Edgar Allan Poe
EL CORAZÓN DELATOR
¡Es cierto! Siempre he sido nervioso, muy
nervioso, terriblemente nervioso. ¿Pero por qué afirman ustedes que estoy loco?
La enfermedad había agudizado mis sentidos, en vez de destruirlos o embotarlos.
Y mi oído era el más agudo de todos. Oía todo lo que puede oírse en la tierra y
en el cielo. Muchas cosas oí en el infierno. ¿Cómo puedo estar loco, entonces?
Escuchen... y observen con cuánta cordura, con cuánta tranquilidad les cuento
mi historia.
Me es imposible decir cómo aquella idea me entró
en la cabeza por primera vez; pero, una vez concebida, me acosó noche y día. Yo
no perseguía ningún propósito. Ni tampoco estaba colérico. Quería mucho al
viejo. Jamás me había hecho nada malo. Jamás me insultó. Su dinero no me
interesaba. Me parece que fue su ojo. ¡Sí, eso fue! Tenía un ojo semejante al
de un buitre... Un ojo celeste, y velado por una tela. Cada vez que lo clavaba
en mí se me helaba la sangre. Y así, poco a poco, muy gradualmente, me fui
decidiendo a matar al viejo y librarme de aquel ojo para siempre.
Presten atención ahora. Ustedes me toman por loco.

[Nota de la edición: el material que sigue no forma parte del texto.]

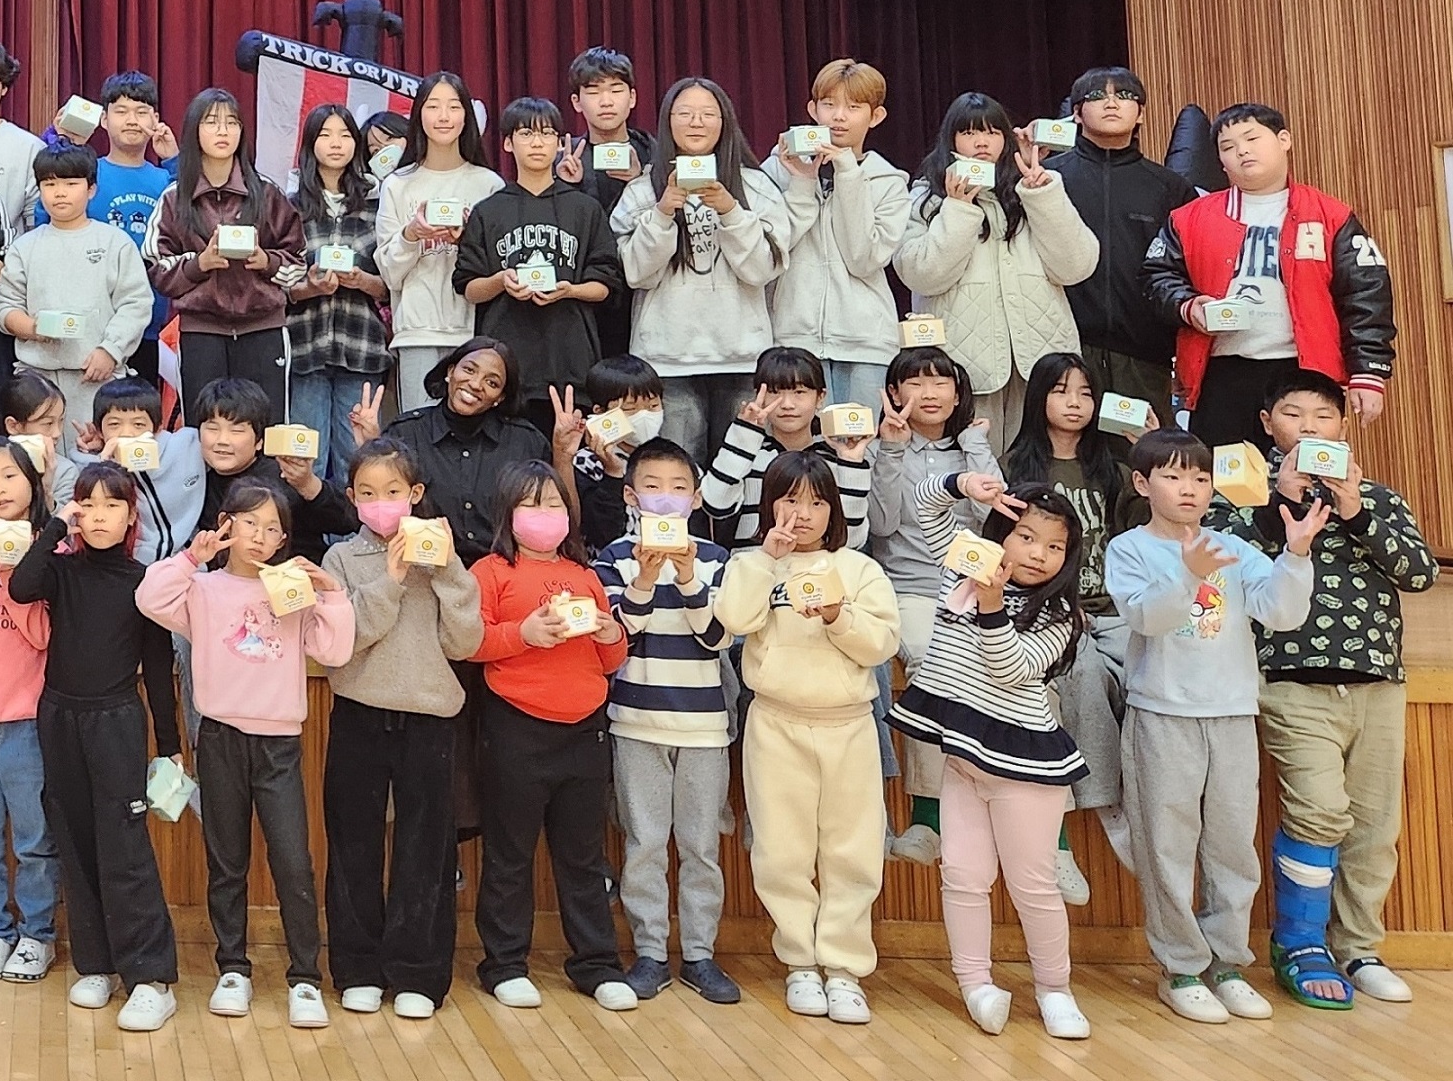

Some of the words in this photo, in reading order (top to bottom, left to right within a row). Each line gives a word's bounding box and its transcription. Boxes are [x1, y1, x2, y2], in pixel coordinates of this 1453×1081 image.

[261, 33, 352, 75] TRICK
[353, 61, 383, 81] OR
[379, 70, 420, 98] TR
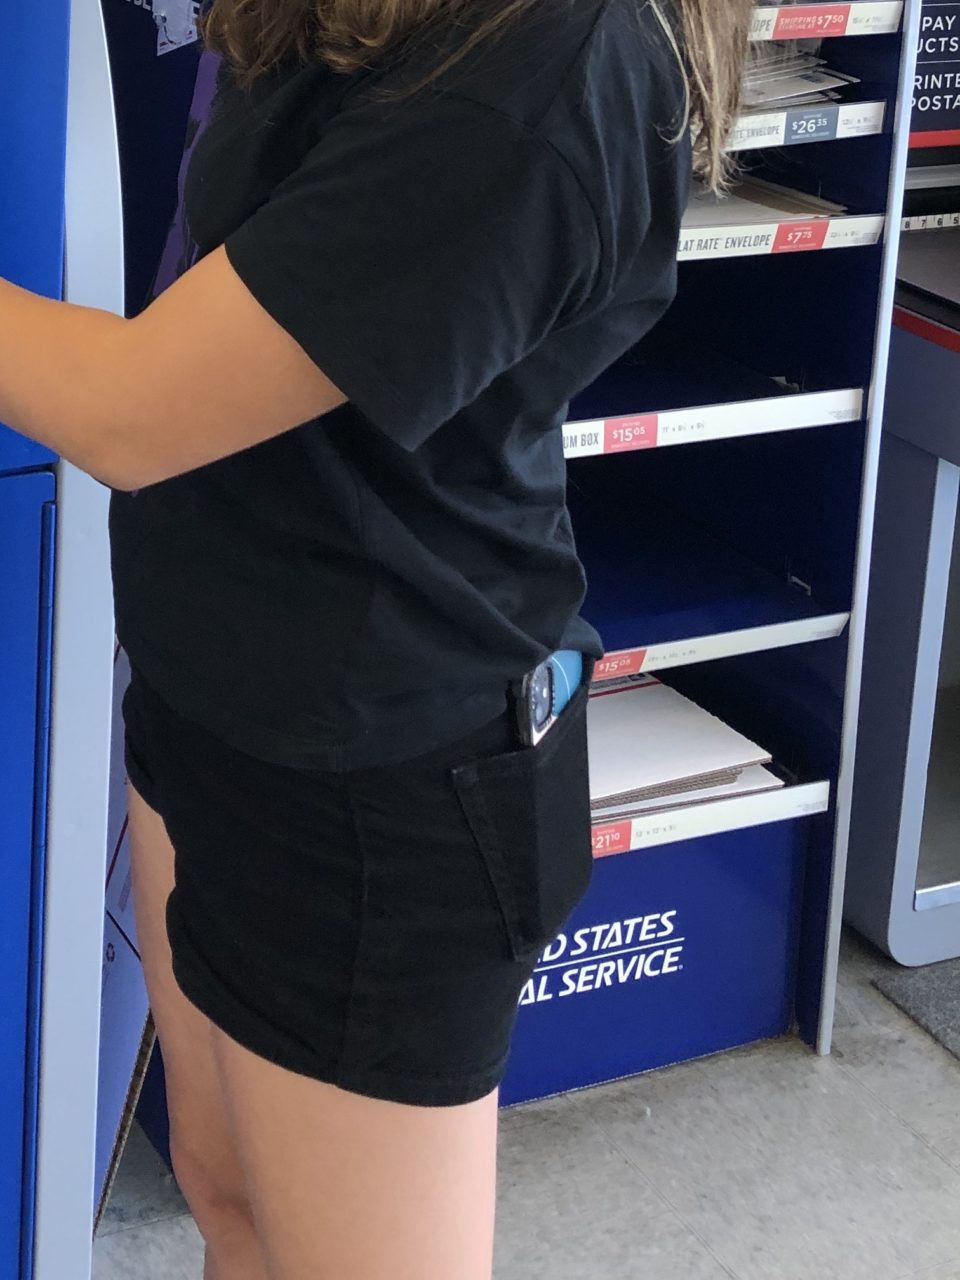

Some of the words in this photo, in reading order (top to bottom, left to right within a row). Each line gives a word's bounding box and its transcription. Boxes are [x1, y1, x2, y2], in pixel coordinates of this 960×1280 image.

[921, 15, 957, 32] PAY
[724, 233, 772, 249] ENVELOPE
[580, 432, 599, 447] BOX
[570, 909, 677, 957] STATES
[558, 946, 683, 997] SERVICE
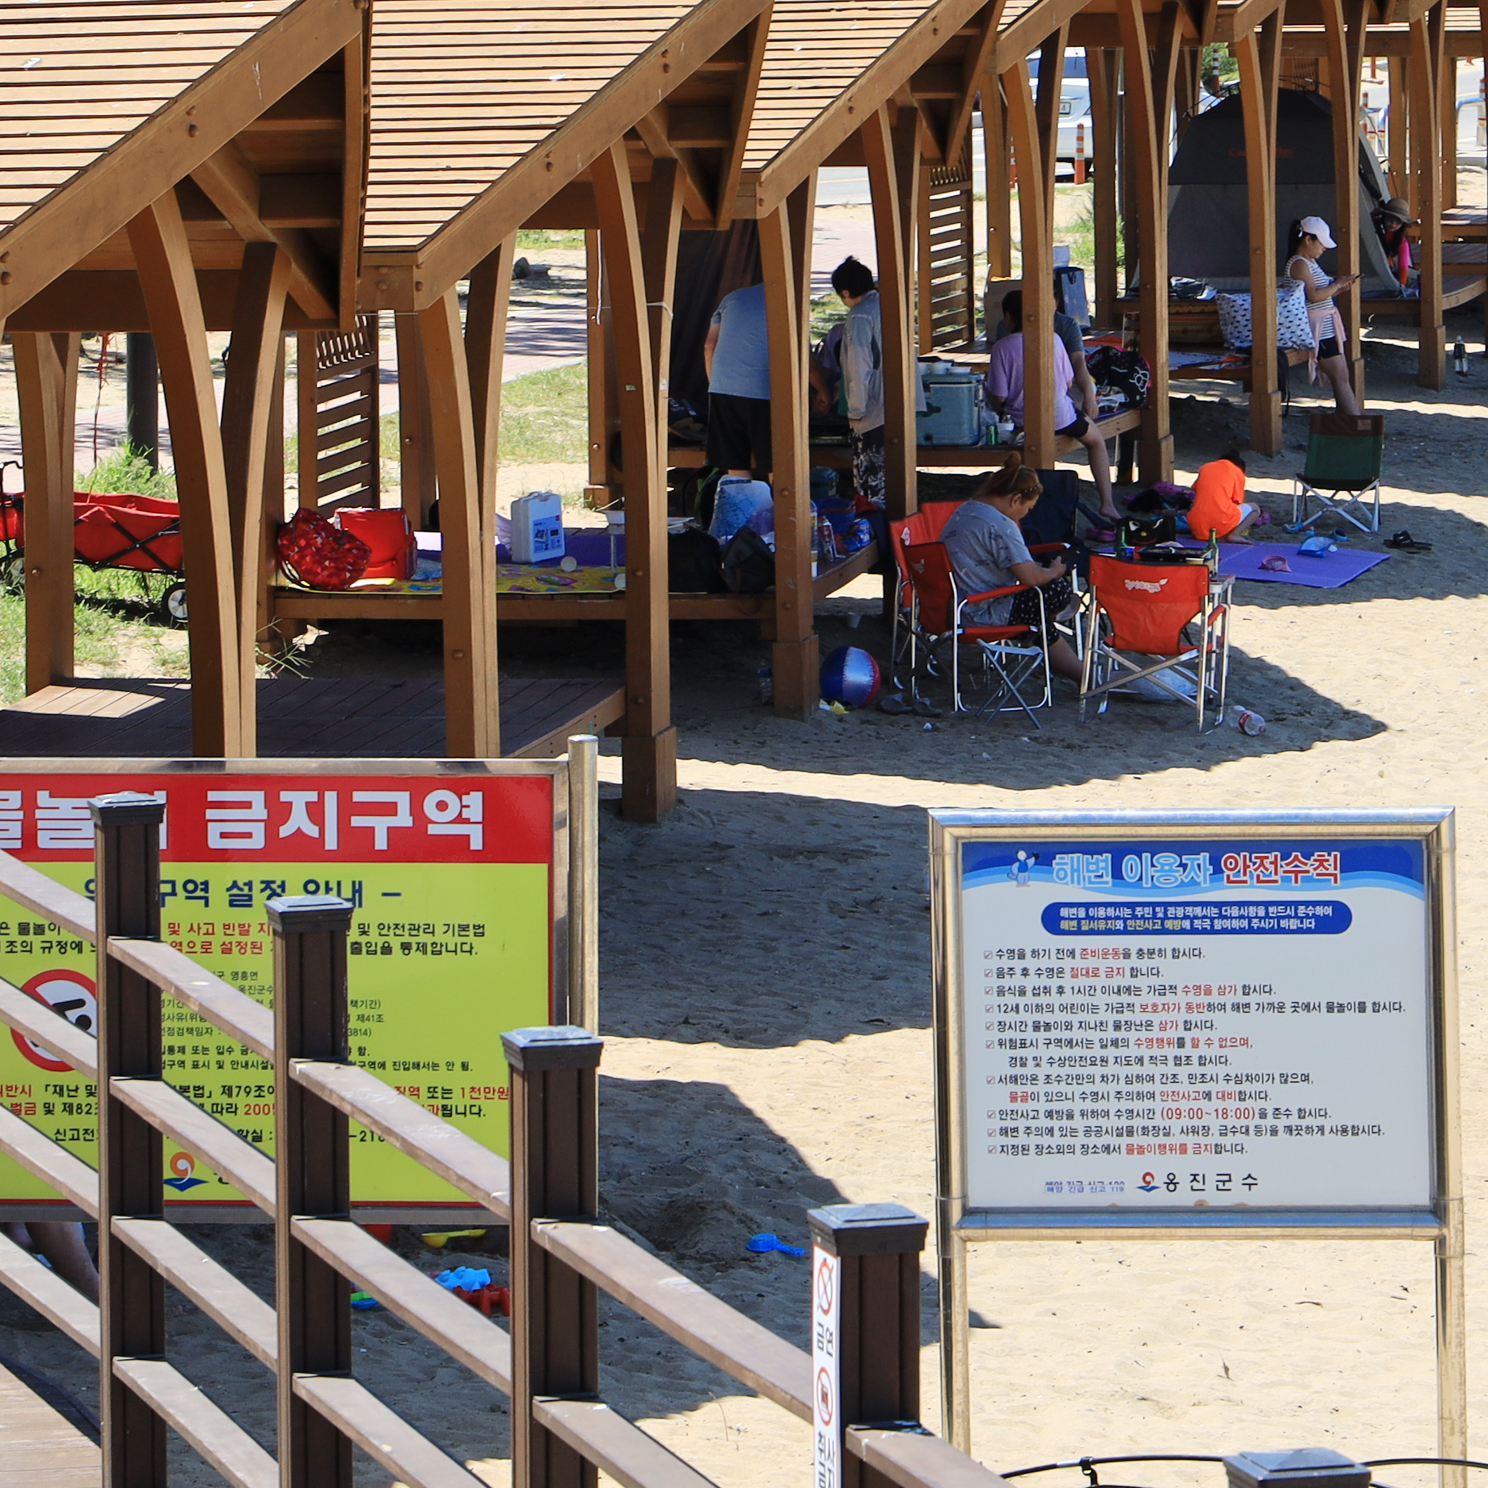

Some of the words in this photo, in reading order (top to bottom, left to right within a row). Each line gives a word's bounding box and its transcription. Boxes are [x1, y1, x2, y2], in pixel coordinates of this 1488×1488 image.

[205, 789, 484, 850] 금지구역
[1053, 852, 1112, 887] 해변
[1122, 852, 1213, 887] 이용자
[1221, 852, 1341, 887] 안전수칙
[226, 879, 286, 908] 설정
[168, 923, 181, 937] 및
[188, 923, 214, 937] 사고
[222, 923, 252, 937] 빈발
[358, 923, 371, 937] 및
[378, 923, 435, 937] 안전관리
[442, 923, 486, 937] 기본법
[40, 940, 84, 955] 규정에
[219, 941, 263, 955] 설정된
[350, 941, 393, 956] 출입을
[401, 941, 478, 956] 통제합니다.
[996, 948, 1026, 960] 수영을
[1031, 948, 1050, 960] 하기
[1055, 948, 1075, 960] 전에
[1080, 948, 1131, 960] 준비운동을
[1136, 948, 1166, 960] 충분히
[1171, 947, 1205, 959] 합시다.
[996, 967, 1016, 979] 음주
[1020, 967, 1030, 978] 후
[1034, 967, 1065, 979] 수영은
[1070, 967, 1100, 979] 절대로
[1105, 967, 1125, 978] 금지
[1130, 967, 1163, 978] 합니다.
[996, 985, 1027, 997] 음식을
[1032, 985, 1051, 997] 섭취
[1056, 985, 1066, 997] 후
[1071, 985, 1097, 996] 1시간
[1101, 985, 1142, 996] 이내에는
[1147, 985, 1177, 996] 가급적
[1182, 984, 1212, 996] 수영을
[1217, 985, 1237, 996] 삼가
[1242, 984, 1276, 996] 합시다.
[997, 1003, 1020, 1014] 12세
[1024, 1003, 1054, 1014] 이하의
[1059, 1003, 1100, 1014] 어린이는
[1105, 1002, 1135, 1014] 가급적
[1140, 1002, 1181, 1013] 보호자가
[1185, 1002, 1226, 1014] 동반하여
[1231, 1002, 1251, 1013] 해변
[1255, 1002, 1286, 1013] 가까운
[1290, 1002, 1321, 1013] 곳에서
[1326, 1001, 1367, 1013] 물놀이를
[1372, 1001, 1405, 1013] 합시다.
[356, 1014, 385, 1023] 제41조
[997, 1021, 1028, 1033] 장시간
[1032, 1020, 1073, 1032] 물놀이와
[1078, 1020, 1108, 1032] 지나친
[1113, 1020, 1154, 1032] 물장난은
[1159, 1020, 1178, 1031] 삼가
[1183, 1020, 1217, 1031] 합시다.
[998, 1038, 1038, 1050] 위험표시
[1043, 1038, 1095, 1049] 구역에서는
[1099, 1038, 1129, 1049] 일체의
[1134, 1037, 1186, 1049] 수영행위를
[1191, 1037, 1200, 1049] 할
[1204, 1037, 1214, 1048] 수
[190, 1045, 211, 1056] 또는
[215, 1045, 235, 1056] 입수
[190, 1060, 211, 1070] 표시
[215, 1060, 225, 1070] 및
[392, 1061, 440, 1071] 진입해서는
[446, 1061, 455, 1070] 안
[1009, 1056, 1028, 1068] 경찰
[1046, 1056, 1108, 1068] 수상안전요원
[1113, 1055, 1144, 1067] 지도에
[1149, 1055, 1168, 1067] 적극
[1173, 1055, 1193, 1067] 협조
[1198, 1055, 1231, 1067] 합시다.
[998, 1074, 1039, 1085] 서해안은
[1043, 1074, 1095, 1085] 조수간만의
[1100, 1074, 1120, 1085] 차가
[1124, 1073, 1155, 1085] 심하여
[1188, 1073, 1218, 1085] 만조시
[1223, 1073, 1275, 1085] 수심차이가
[427, 1086, 454, 1100] 또는
[1009, 1091, 1039, 1103] 물골이
[1044, 1091, 1074, 1103] 있으니
[1079, 1091, 1109, 1103] 수영시
[1114, 1091, 1155, 1102] 주의하여
[1160, 1090, 1212, 1102] 안전사고에
[1216, 1090, 1271, 1102] 대비합시다.
[43, 1102, 55, 1116] 및
[211, 1102, 239, 1116] 따라
[999, 1109, 1040, 1121] 안전사고
[1044, 1109, 1074, 1121] 예방을
[1080, 1109, 1110, 1120] 위하여
[1114, 1108, 1155, 1120] 수영시간
[1272, 1108, 1293, 1119] 준수
[1297, 1108, 1331, 1119] 합시다.
[999, 1126, 1019, 1138] 해변
[1058, 1126, 1079, 1137] 있는
[1219, 1125, 1249, 1137] 급수대
[1283, 1125, 1325, 1136] 깨끗하게
[1329, 1124, 1384, 1137] 사용합시다.
[1000, 1144, 1030, 1156] 지정된
[1035, 1144, 1075, 1156] 장소외의
[1080, 1144, 1121, 1156] 장소에서
[1126, 1143, 1188, 1155] 물놀이행위를
[1192, 1143, 1247, 1155] 금지합니다.
[816, 1321, 834, 1358] 금연
[818, 1430, 836, 1467] 취사
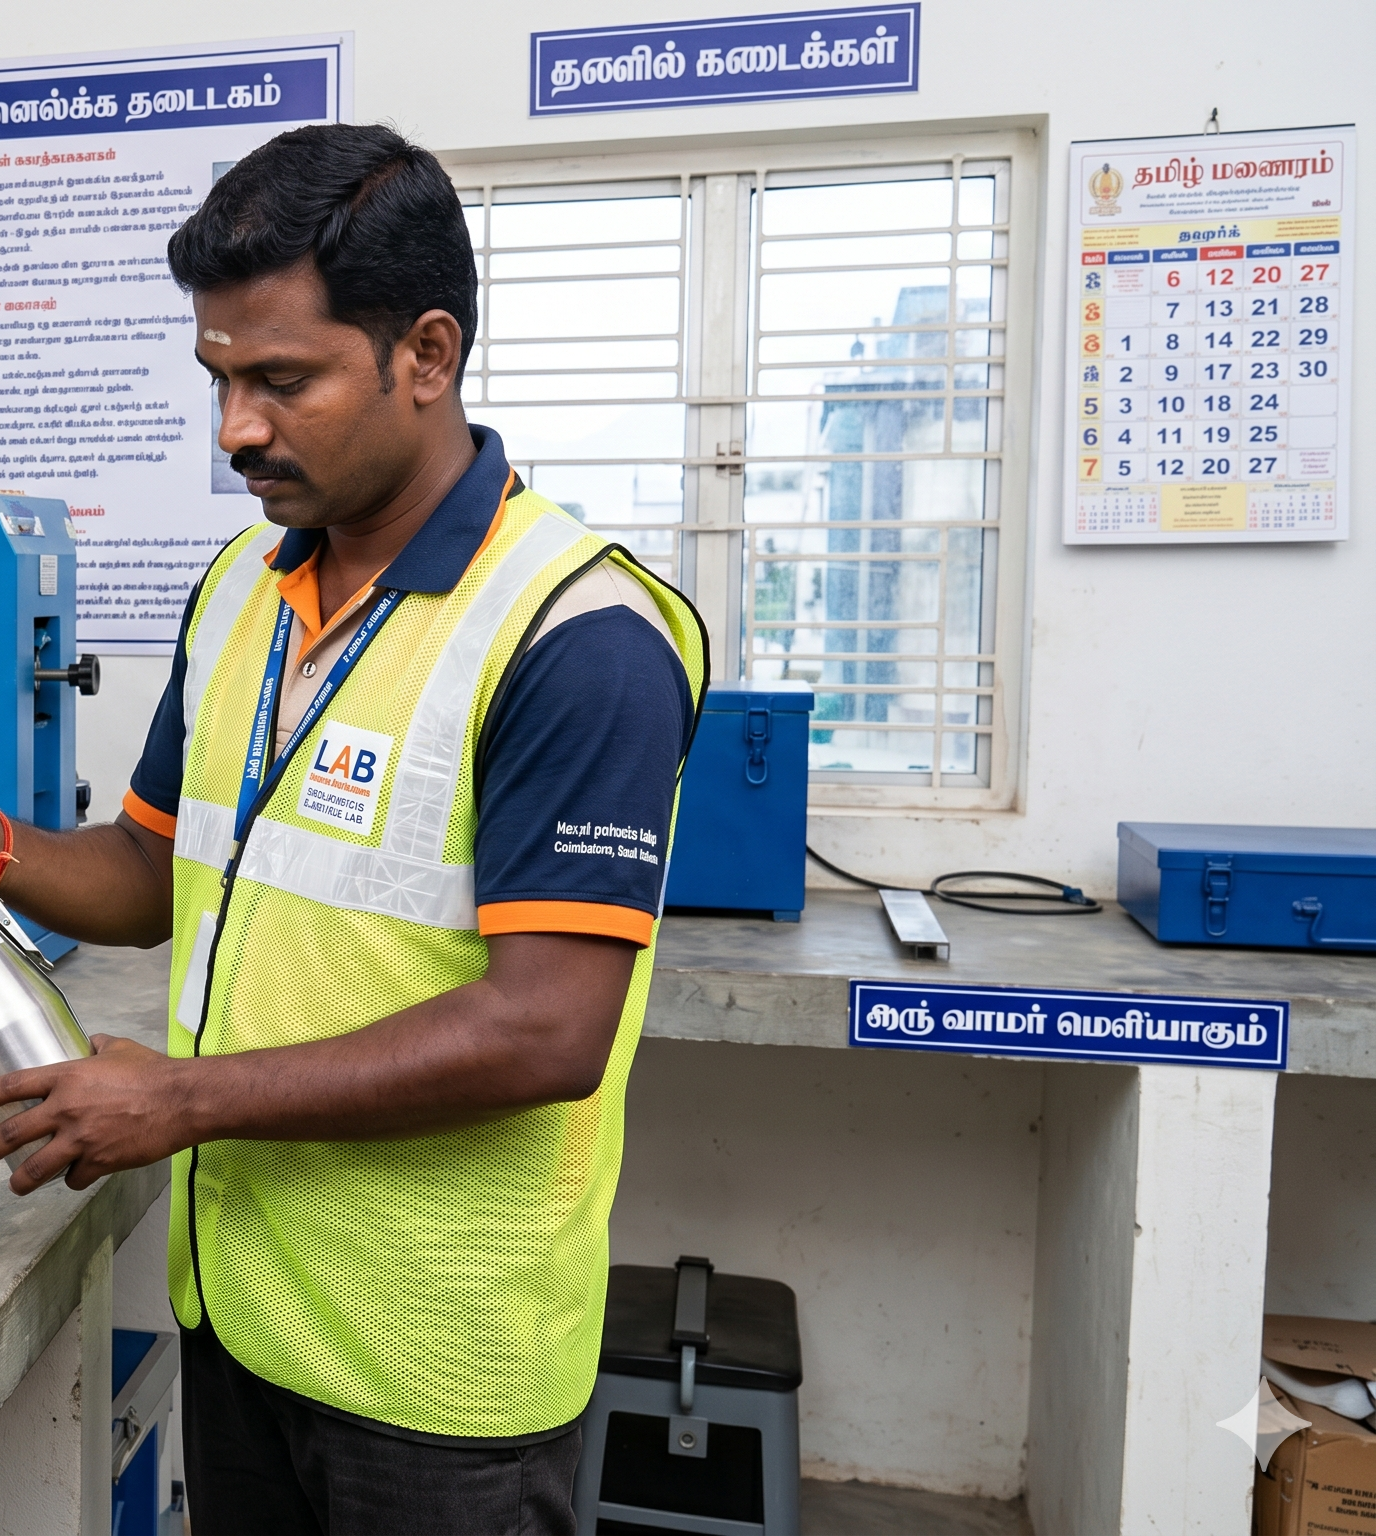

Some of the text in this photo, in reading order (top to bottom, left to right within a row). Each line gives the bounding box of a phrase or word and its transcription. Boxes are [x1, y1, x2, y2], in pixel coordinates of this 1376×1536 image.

Pero los locos no saben nada. En cambio... ¡Si hubieran podido verme! ¡Si
hubieran podido ver con qué habilidad procedí! ¡Con qué cuidado... con qué
previsión... con qué disimulo me puse a la obra! Jamás fui más amable con el
viejo que la semana antes de matarlo. Todas las noches, hacia las doce, hacía
yo girar el picaporte de su puerta y la abría... ¡oh, tan suavemente! Y
entonces, cuando la abertura era lo bastante grande para pasar la cabeza,
levantaba una linterna sorda, cerrada, completamente cerrada, de manera que no
se viera ninguna luz, y tras ella pasaba la cabeza. ¡Oh, ustedes se hubieran
reído al ver cuán astutamente pasaba la cabeza! La movía lentamente... muy, muy
lentamente, a fin de no perturbar el sueño del viejo. Me llevaba una hora
entera introducir completamente la cabeza por la abertura de la puerta, hasta
verlo tendido en su cama. ¿Eh? ¿Es que un loco hubiera sido tan prudente como
yo? Y entonces, cuando tenía la cabeza completamente dentro del cuarto, abría
la linterna cautelosamente... ¡oh, tan cautelosamente! Sí, cautelosamente iba
abriendo la linterna (pues crujían las bisagras), la iba abriendo lo suficiente
para que un solo rayo de luz cayera sobre el ojo de buitre. Y esto lo hice
durante siete largas noches... cada noche, a las doce... pero siempre encontré
el ojo cerrado, y por eso me era imposible cumplir mi obra, porque no era el
viejo quien me irritaba, sino el mal de ojo. Y por la mañana, apenas iniciado
el día, entraba sin miedo en su habitación y le hablaba resueltamente,
llamándolo por su nombre con voz cordial y preguntándole cómo había pasado la
noche. Ya ven ustedes que tendría que haber sido un viejo muy astuto para
sospechar que todas las noches, justamente a las doce, iba yo a mirarlo
mientras dormía.
Al llegar la octava noche, procedí con mayor
cautela que de costumbre al abrir la puerta. El minutero de un reloj se mueve
con más rapidez de lo que se movía mi mano. Jamás, antes de aquella noche,
había sentido el alcance de mis facultades, de mi sagacidad. Apenas lograba
contener mi impresión de triunfo. ¡Pensar que estaba ahí, abriendo poco a poco
la puerta, y que él ni siquiera soñaba con mis secretas intenciones o pensamientos!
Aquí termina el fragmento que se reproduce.